◆ **EXERCISE INPUTS**:

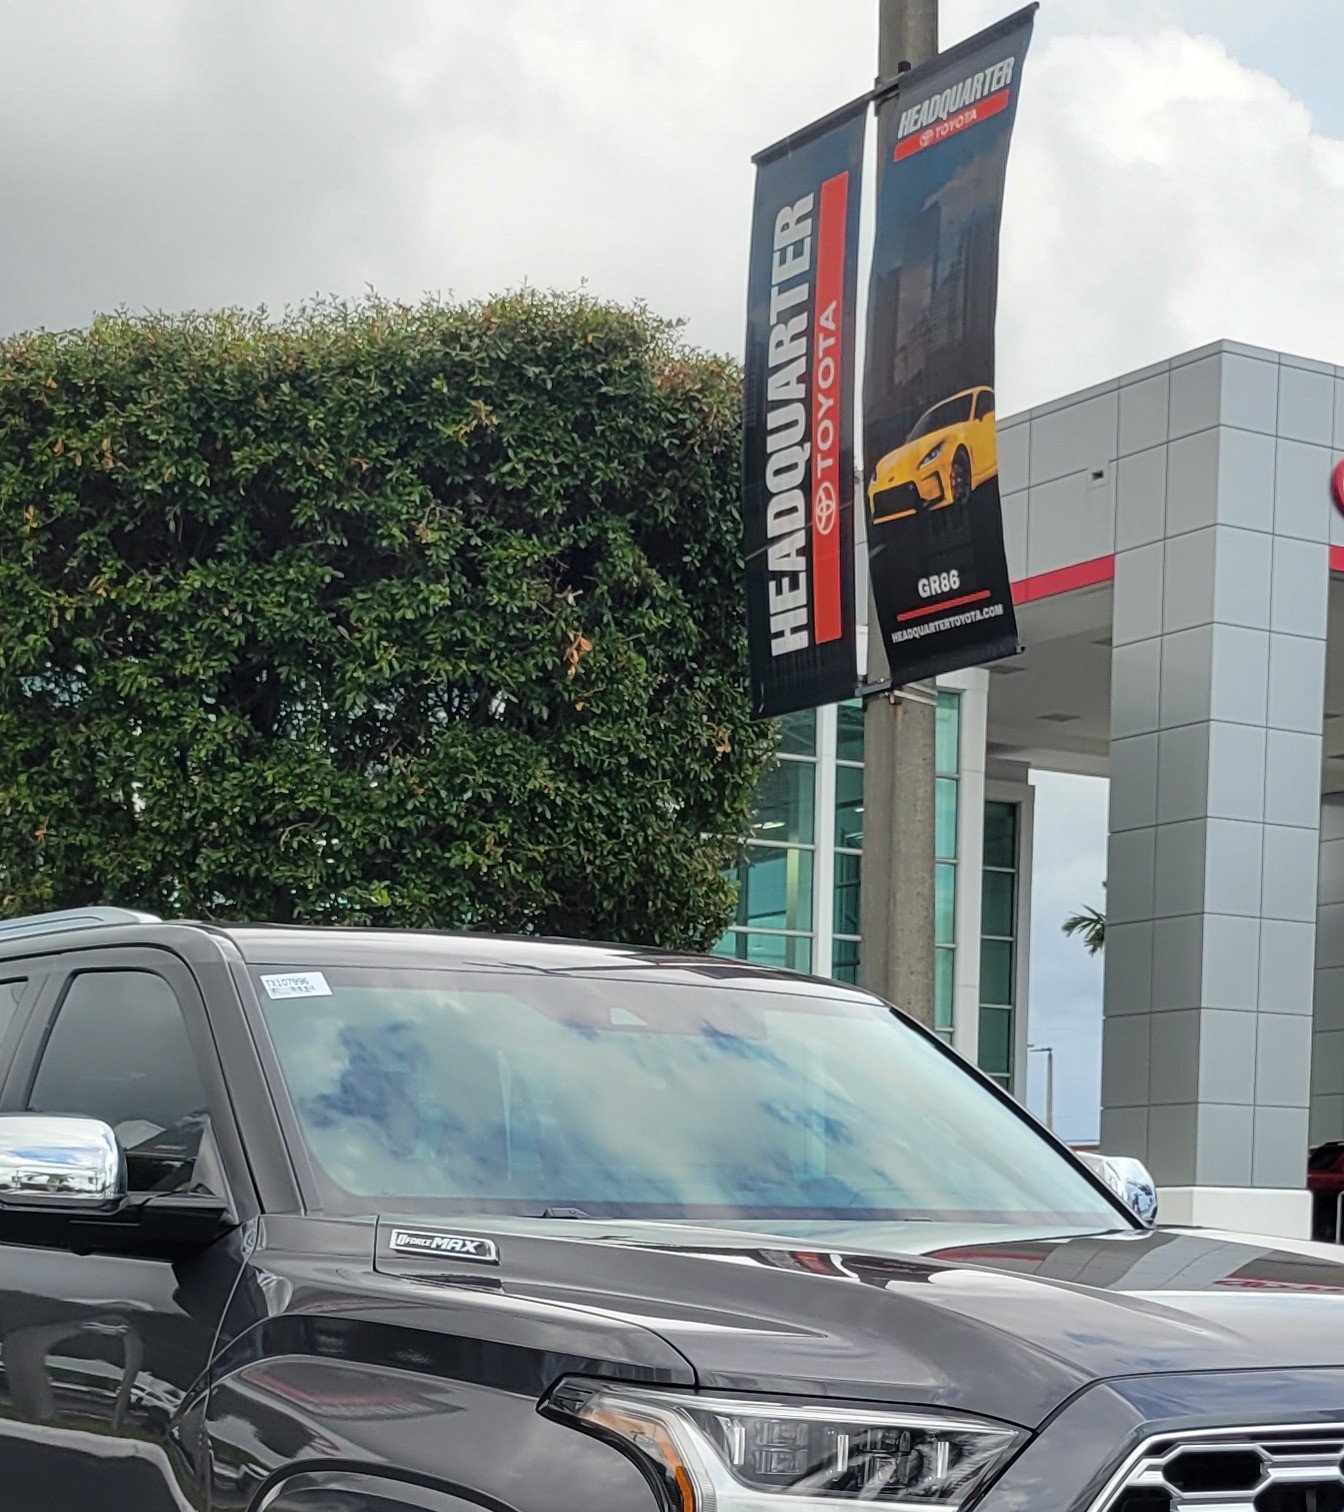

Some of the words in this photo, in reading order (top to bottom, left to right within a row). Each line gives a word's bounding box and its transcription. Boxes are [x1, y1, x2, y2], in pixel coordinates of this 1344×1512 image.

[898, 56, 1015, 139] HEADQUARTER
[936, 109, 977, 139] TOYOTA
[816, 300, 837, 480] TOYOTA
[765, 193, 815, 657] HEADQUARTER
[917, 569, 960, 598] GR86
[891, 603, 1004, 643] HEADQUARTERTOYOTA.COM
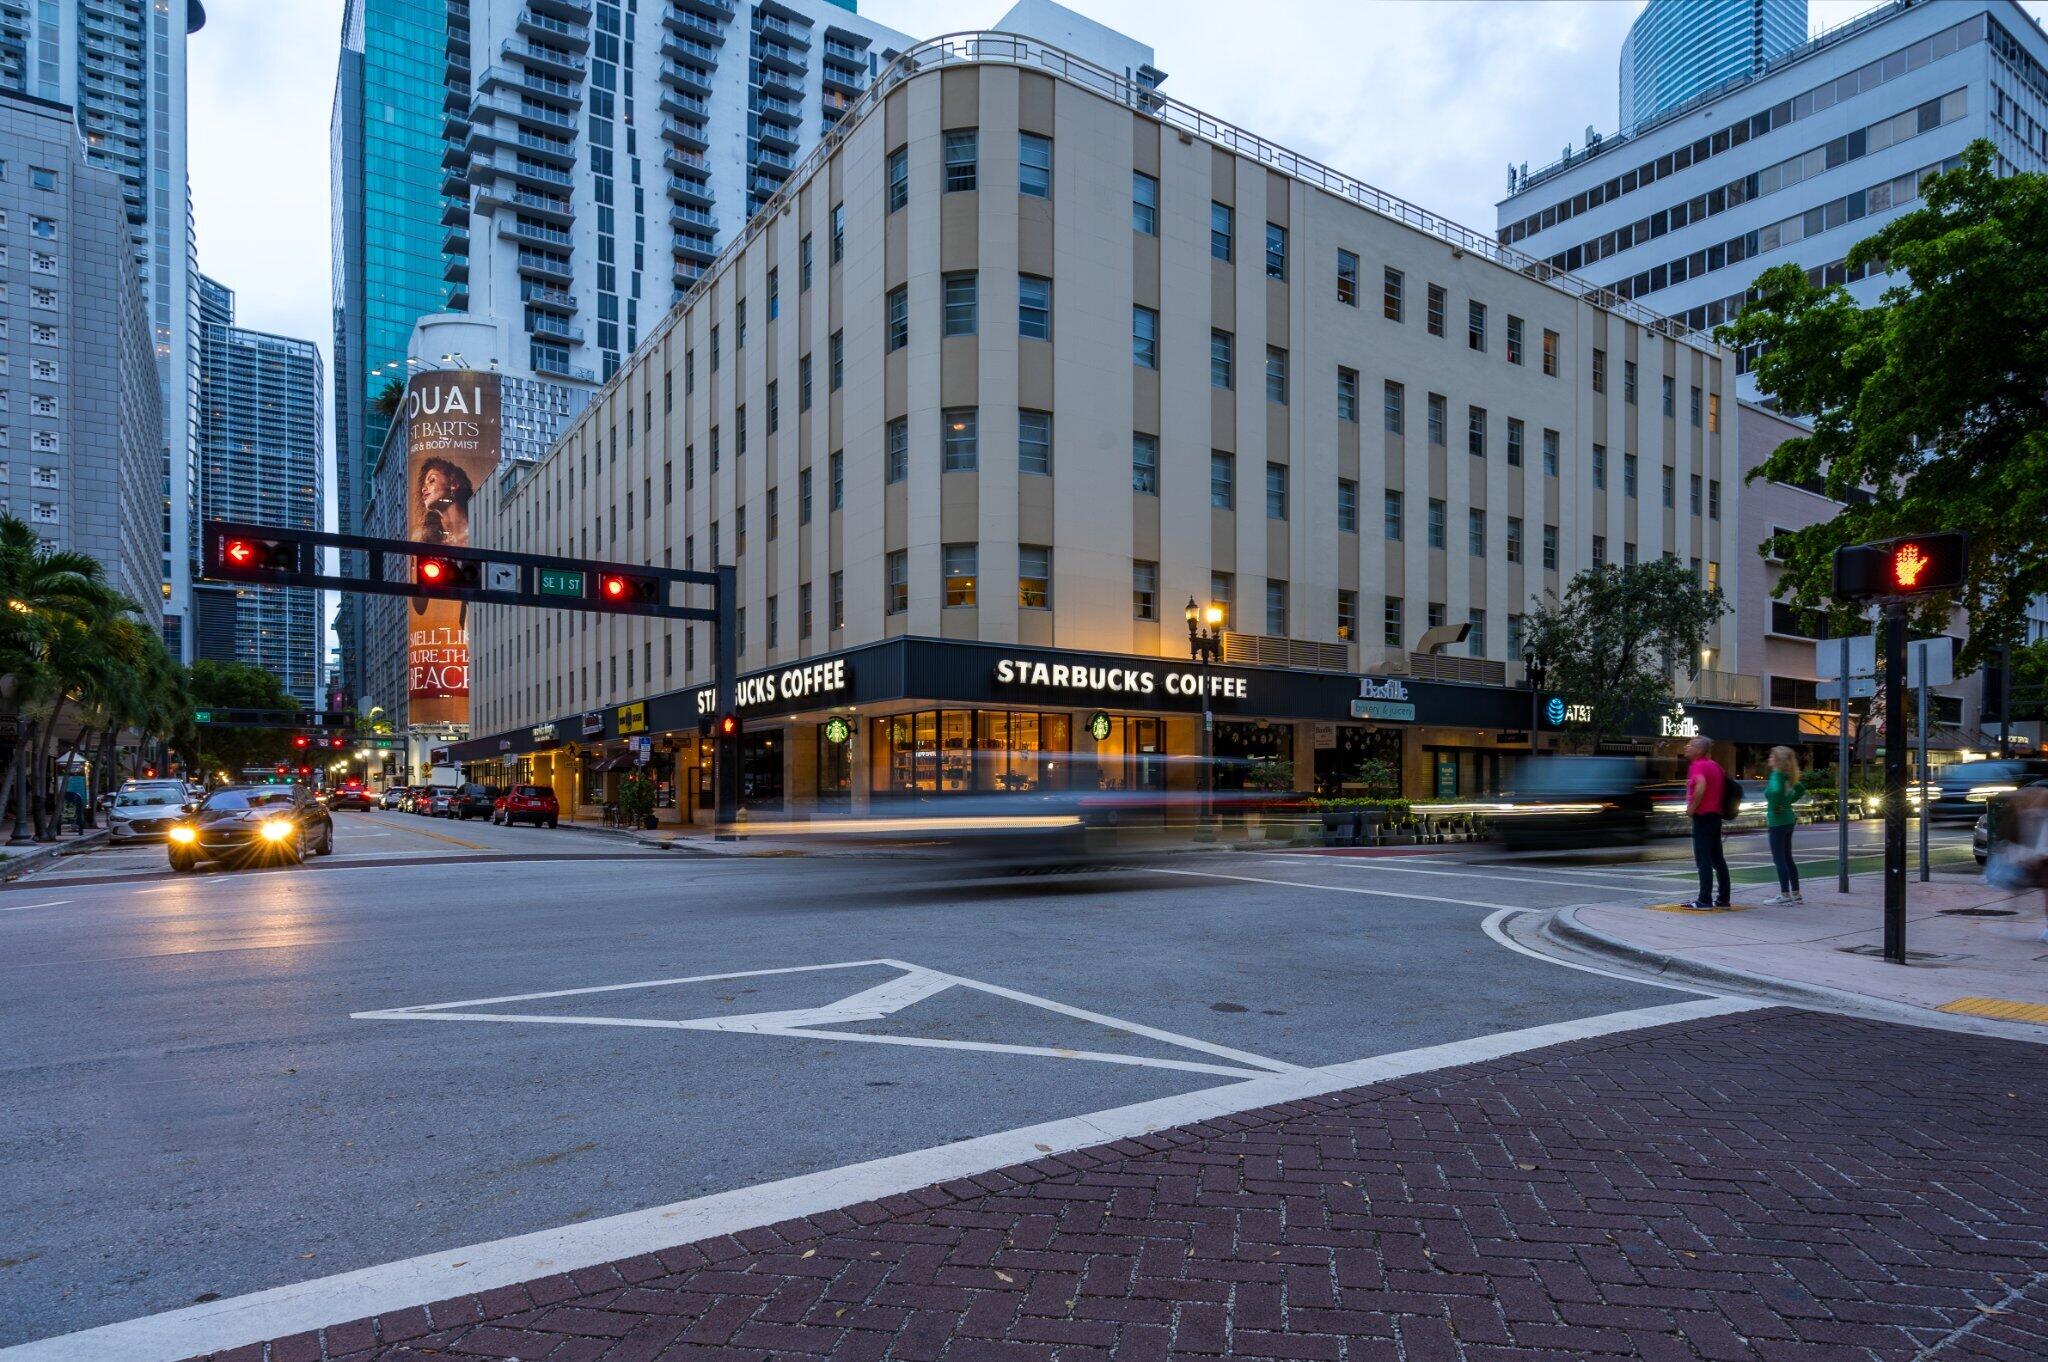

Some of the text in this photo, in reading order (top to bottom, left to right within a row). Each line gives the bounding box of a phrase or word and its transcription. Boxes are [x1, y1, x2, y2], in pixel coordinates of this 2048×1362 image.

[422, 421, 480, 438] BARTS
[425, 440, 452, 450] BODY
[453, 440, 479, 450] MIST
[543, 577, 580, 590] SE 1 ST
[443, 649, 470, 663] TH
[697, 659, 845, 715] STUCKS COFFEE
[997, 659, 1248, 699] STARBUCKS COFFEE
[1358, 678, 1409, 701] Bastille
[1565, 704, 1594, 722] AT&T
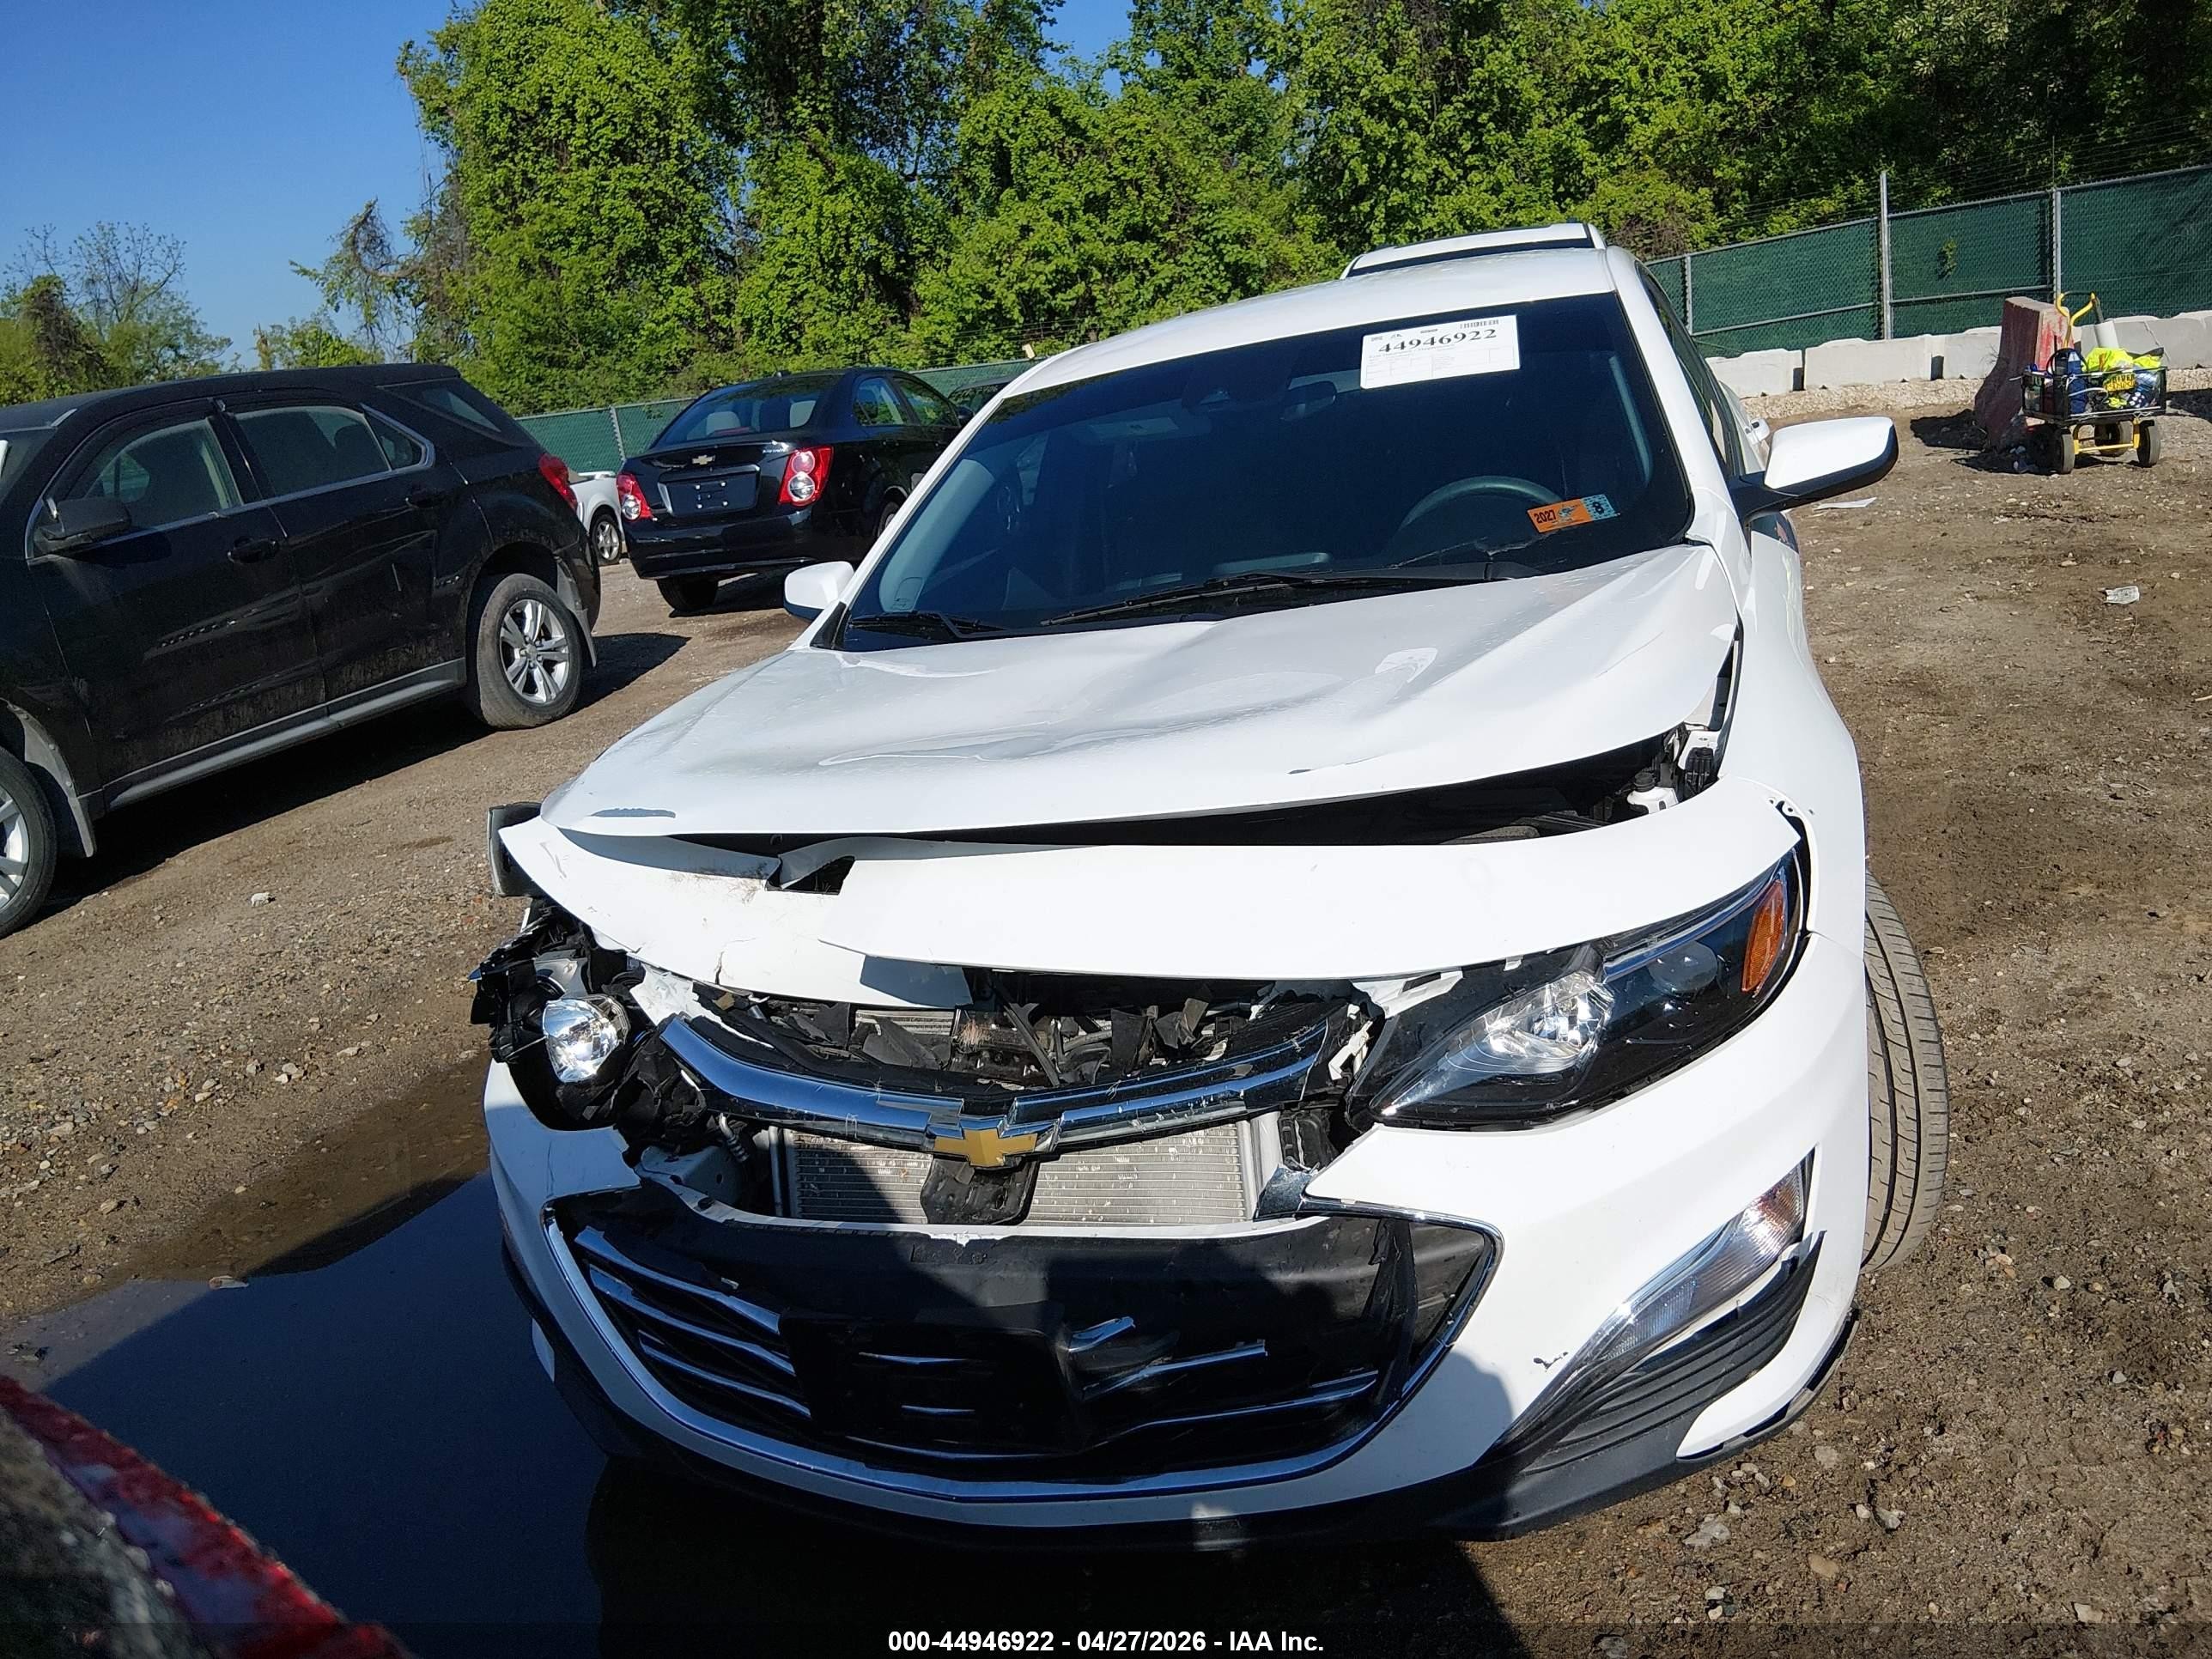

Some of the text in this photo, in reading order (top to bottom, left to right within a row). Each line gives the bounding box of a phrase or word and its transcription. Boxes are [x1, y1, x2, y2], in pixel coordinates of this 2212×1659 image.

[1378, 328, 1497, 353] 44946922
[1534, 509, 1556, 524] 2027
[1592, 501, 1605, 514] 8

◆ **ASSIGNMENT**: Make a verbatim copy of all the entries and strip out the pictures.

◆ **RESPONSE TO THE EXERCISE**:
Some of the words in this photo, in reading order (top to bottom, left to right within a row). Each line gives a word's bounding box and its transcription. Boxes are [x1, y1, x2, y2], in pixel coordinates of this 1344×1512 image.

[898, 56, 1015, 139] HEADQUARTER
[936, 109, 977, 139] TOYOTA
[816, 300, 837, 480] TOYOTA
[765, 193, 815, 657] HEADQUARTER
[917, 569, 960, 598] GR86
[891, 603, 1004, 643] HEADQUARTERTOYOTA.COM

Some of the text in this photo, in reading order (top to bottom, left to right within a row). Each line gives the bounding box of a phrase or word and its transcription. Boxes are [x1, y1, x2, y2], in pixel coordinates of this 2048×1362 image.

[422, 421, 480, 438] BARTS
[425, 440, 452, 450] BODY
[453, 440, 479, 450] MIST
[543, 577, 580, 590] SE 1 ST
[443, 649, 470, 663] TH
[697, 659, 845, 715] STUCKS COFFEE
[997, 659, 1248, 699] STARBUCKS COFFEE
[1358, 678, 1409, 701] Bastille
[1565, 704, 1594, 722] AT&T

Some of the text in this photo, in reading order (top to bottom, left to right within a row). Each line gives the bounding box of a phrase or word and its transcription. Boxes are [x1, y1, x2, y2], in pixel coordinates of this 2212×1659 image.

[1378, 328, 1497, 353] 44946922
[1534, 509, 1556, 524] 2027
[1592, 501, 1605, 514] 8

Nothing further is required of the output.